Saturday, June 24, 2017

Ranking all 13 Michael Bay movies



Yes, I viewed them all. And I actually liked some of them. You can read my Variety countdown here. (Spoiler: No. 1 is not a Transformers movie.)

Friday, June 16, 2017

Way down below the ocean: 47 Meters Down


Recounting the basic plot of 47 Meters Down doesn’t do the film many favors, since any detailed synopsis likely will make it sound like one of those cheesy Jaws knock-offs that served as drive-in fodder in the 1970s. Indeed, it’s ridiculously easy to imagine the sort of breathless taglines and lurid poster art that might have been used decades ago to hard-sell this scenario about two vacationing sisters who are stranded in a shark-cage way below the waves while hungry Great Whites loom large all around them. (Lynn Lowry and Claudia Jennings are Shark Bait!’) But credit must be given where it is due: Director Johannes Roberts’ mostly underwater thriller is a compact and sturdily crafted B-movie that generates enough scares and suspense to qualify as — well, maybe not a pleasant surprise, but a reasonably entertaining one.

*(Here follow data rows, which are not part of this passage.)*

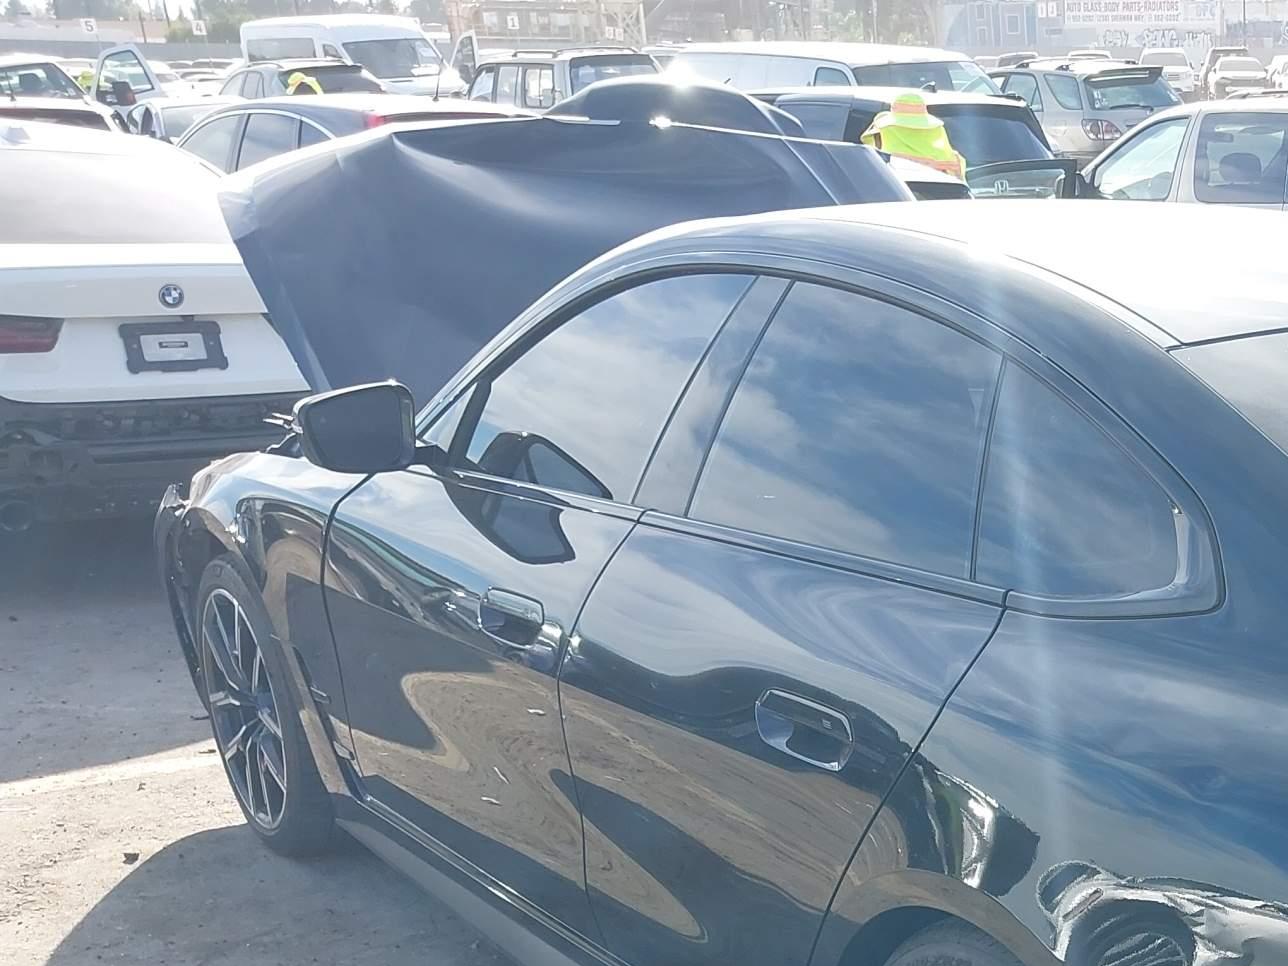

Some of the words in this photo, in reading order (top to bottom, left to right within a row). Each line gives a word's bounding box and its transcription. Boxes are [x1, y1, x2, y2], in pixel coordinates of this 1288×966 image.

[1066, 1, 1081, 12] AUTO
[84, 20, 94, 33] 5
[195, 22, 203, 33] 4
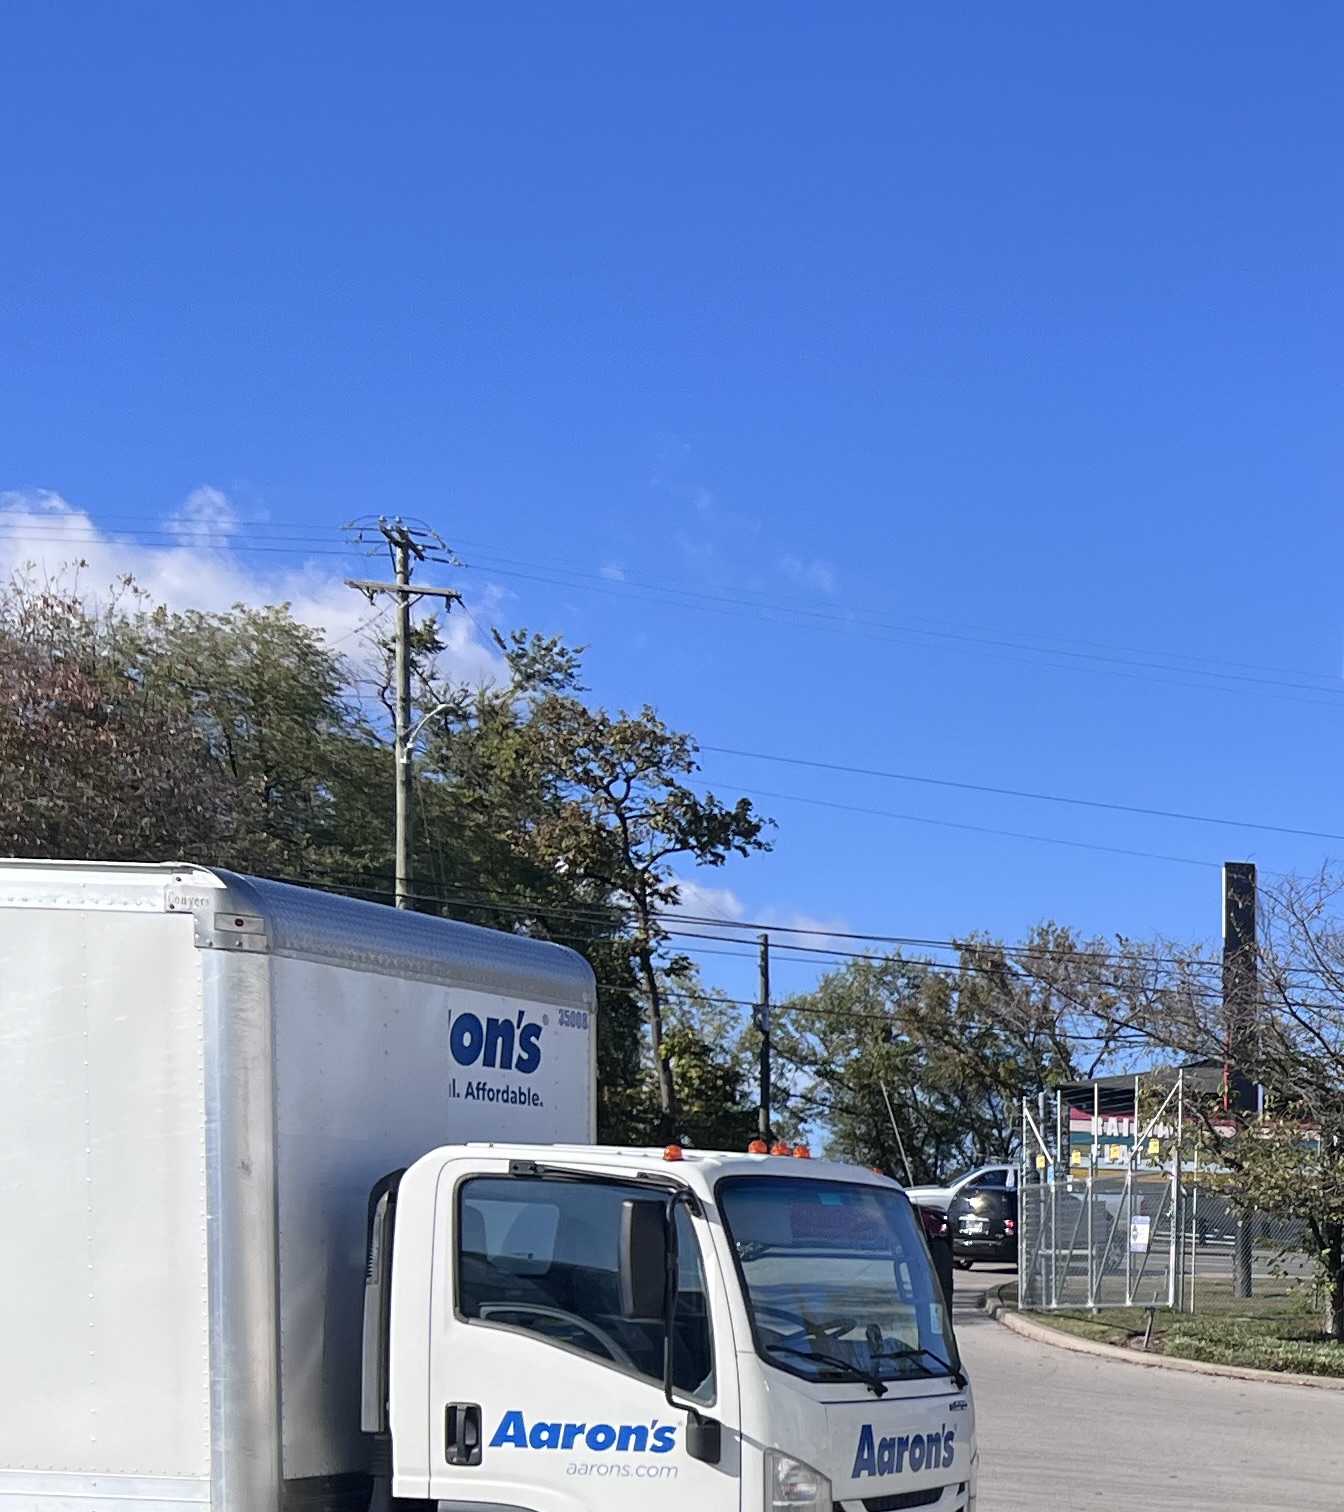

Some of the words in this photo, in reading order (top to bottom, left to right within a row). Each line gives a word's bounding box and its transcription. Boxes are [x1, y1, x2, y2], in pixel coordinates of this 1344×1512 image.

[448, 1009, 543, 1074] on's
[464, 1081, 544, 1108] Affordable.
[489, 1410, 677, 1454] Aaron's
[851, 1423, 955, 1479] Aaron's
[566, 1462, 679, 1479] aarons.com

You can read the rest of my Variety review here

Good-bye to John G. Avildsen, who scored a knockout by directing Rocky


It’s hail and farewell to John G. Avildsen, the Oscar-winning director of Rocky, who passed away Friday in Los Angeles.
To be sure, Avildsen had several other notable films on his resume — including  Joe (1970), his discomfortingly prescient drama (propelled by Peter Boyle’s career-launching lead performance) about the murderous rage of the so-called Silent Majority; Save the Tiger (1973), a powerful portrait of a morally compromised businessman, for which Jack Lemmon received his own Oscar as Best Actor; and, of course, all three of the original Karate Kid movies.
But Rocky is the career-highlight achievement most likely to give Avildsen a fair shot at immortality. More than four decades after the scrappy small-budget 1976 movie about a never-made-it boxer came from out of nowhere to score Oscar gold, top box-office charts and rouse audiences to full-throated cheers, it continues to entertain movie fans – and influence moviemakers – with the undiminished force of an enduring pop-culture phenomenon.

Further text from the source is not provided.